_Problem details_. Nothing may differ between your reply and the listing that follows.

-- Available records follows --

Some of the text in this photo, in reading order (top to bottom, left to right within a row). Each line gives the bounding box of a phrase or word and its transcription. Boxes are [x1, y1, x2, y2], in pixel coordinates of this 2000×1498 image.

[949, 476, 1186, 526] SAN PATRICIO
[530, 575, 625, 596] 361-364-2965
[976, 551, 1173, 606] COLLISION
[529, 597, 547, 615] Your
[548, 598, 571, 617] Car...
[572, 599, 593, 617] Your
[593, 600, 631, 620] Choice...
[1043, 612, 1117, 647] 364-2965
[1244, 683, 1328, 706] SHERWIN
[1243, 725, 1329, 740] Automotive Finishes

-- Available records concluded --

_Exercise answer_.
Some of the text in this photo, in reading order (top to bottom, left to right within a row). Each line gives the bounding box of a phrase or word and its transcription. Boxes are [x1, y1, x2, y2], in pixel coordinates of this 2000×1498 image.

[949, 476, 1186, 526] SAN PATRICIO
[530, 575, 625, 596] 361-364-2965
[976, 551, 1173, 606] COLLISION
[529, 597, 547, 615] Your
[548, 598, 571, 617] Car...
[572, 599, 593, 617] Your
[593, 600, 631, 620] Choice...
[1043, 612, 1117, 647] 364-2965
[1244, 683, 1328, 706] SHERWIN
[1243, 725, 1329, 740] Automotive Finishes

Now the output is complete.